Unlike in other Dark Tranquillity songs, the protagonist here is a second-person character (they are spoken to by the singer/narrator) rather than the narrator himself or humanity in general. The song plays with both with the contrast between dreams and a waking state (So light up these days against With the darkest of waking dreams; As in the death of dream against Awakenings will leave you stranded) and metaphors of a duality in which both can coexist in both the mind of the protagonist and their life (With the darkest of waking dreams). The theme of death of fiction makes it a good closer for Fiction by playing with the title of the album (compare "the death/end of fiction" to "the death/end of Fiction). As in the best of Dark Tranquillity's songs, the individual metaphors can be interpreted in many ways even within the same song interpretation and the imagery is beautiful in a very-twisted way.
As in a life of rain
You're only alive when you're falling
The coldest chill
In the emptiness of reason..
A strange start for a song with the theme described above, the first two lines refer to how we only feel truly alive when we're falling. 'Falling' here means both the downfall of the protagonist, consequence of having lived a fictional life for too-long and of said life finally giving in and crumbling under its own dead and false weight (against what the victim, safe within their fiction's warm and protective walls, imagined, therefore leaving an "emptiness of reason", a blank space in their mind, as confusion takes over), and the very "fall" from fiction into reality. "The coldest chill" hints again at only being alive when one is falling by taking to the extreme that which constitutes the very core of feeling/being alive, which is feeling things; surely the coldest of chills must be felt, whether one is numb to lesser ones or not. But the line also tells us that falling into reality is the coldest chill, or the greatest shock or pain, one can feel.
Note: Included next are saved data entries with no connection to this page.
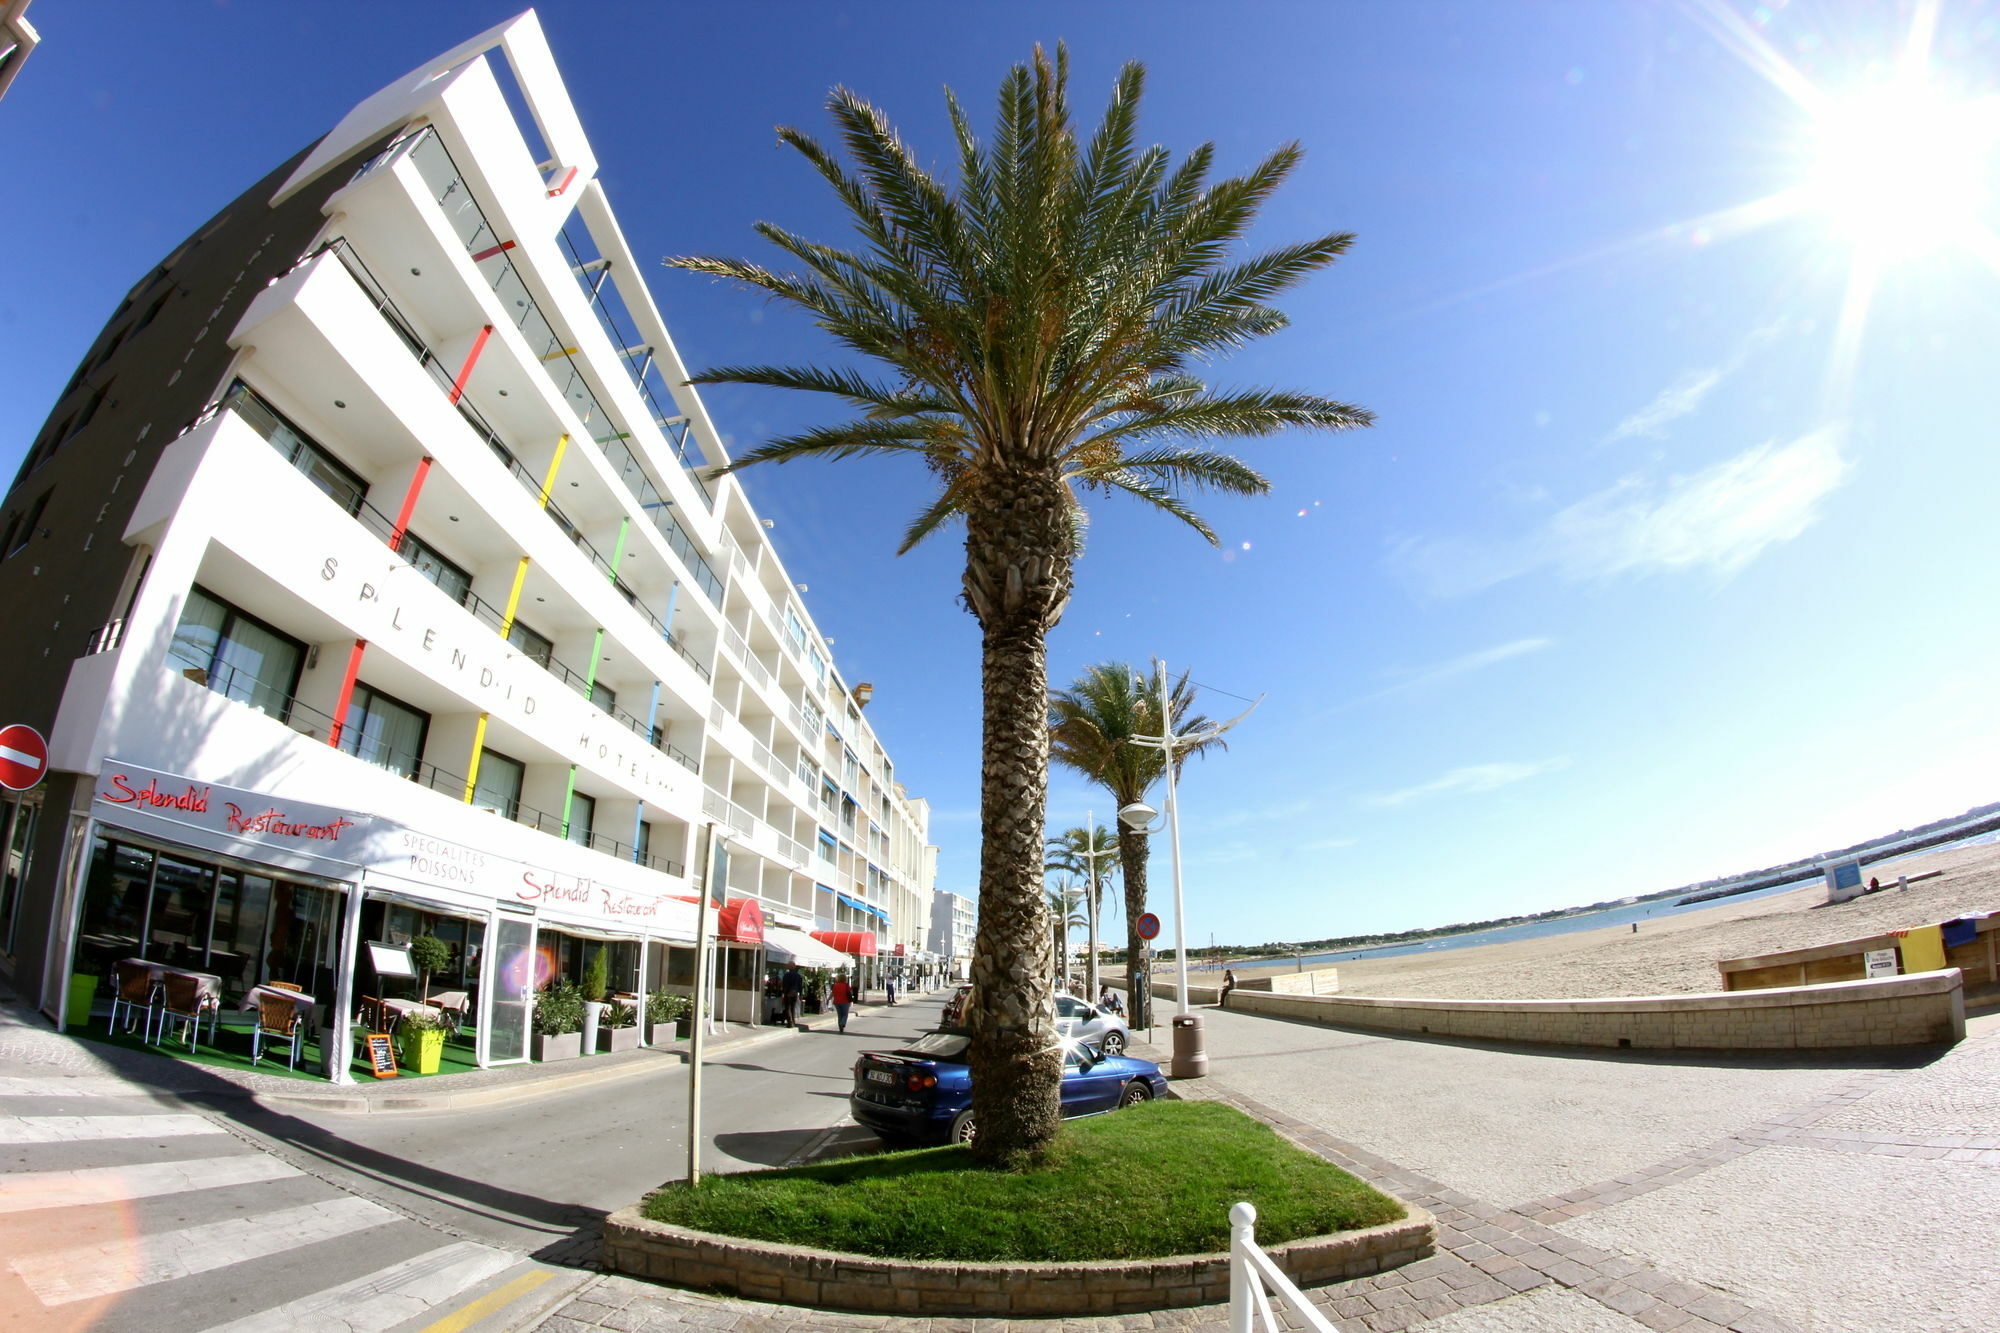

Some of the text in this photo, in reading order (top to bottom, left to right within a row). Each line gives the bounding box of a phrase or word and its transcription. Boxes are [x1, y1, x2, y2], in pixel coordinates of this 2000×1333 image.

[321, 557, 649, 784] SPLENDID HOTEL
[102, 775, 354, 841] Splendid Restaurant
[404, 834, 484, 867] SPECIALITES
[410, 855, 474, 884] POISSONS
[516, 871, 590, 902] Splendid
[601, 889, 662, 916] Restaurant
You brought it upon yourself
It's slow but final, with nothing to gain..
You brought it upon yourself
It's slow but final
It begins today!
The fall was inevitable, as always is the case with fantasies designed to escape life: eventually some fault in them proves fatal and they shatter, leaving the creator with nothing, and so there's nothing to gain from being thrown in such a way into the real world. But "with nothing to gain" is also a sort of moral to the whole song: There is nothing to gain from making up an alternate world to cover up the horror of the real one.
So light up the days
With the darkest of waking dreams
This part of the song conjures the age-old metaphor of reason and knowledge "enlightening" or "illuminating" the existing darkness. The awakening into what is true and real sheds light on the protagonist's previous dark falsity because now the protagonist can see (and know) what is true. The second verse is simultaneously the continuation to the previous one, a beautiful metaphor about the nature of the aforementioned "lighting[-up] of the days", and another (equally-beautiful) metaphor that pitches the fictional "reality" of the protagonist against the actual reality to which they wake up and also reverses the positions of both "realities". That the "waking dreams" (the reality the protagonist has awoken to) are the darkest of all speaks of the bleakness of real life and reminds of "The coldest chill"; "the darkest of waking dreams" and "the coldest chill" are two ways of saying the same thing. And if what the victim of this shattering of fiction now inhabits is a "waking dream" it is because they were both "dreaming" in/about their forged world and oblivious to the existence of the real world (thus, what they lived was, to them, a waking state and not a dream).
For endless puzzles
To reflect our aim..
Let us remember the state of confusion and blankness-of-mind spoken-of in the verse "In the emptiness of reason". As our character is confused, at first, about this new world they have been pitched so-unexpectedly into, everything seems as a ceaseless conglomeration of puzzles. These "puzzles" reflect the protagonist's "aim" because they show how the protagonist was used to the fiction their brain had constructed and is now lost.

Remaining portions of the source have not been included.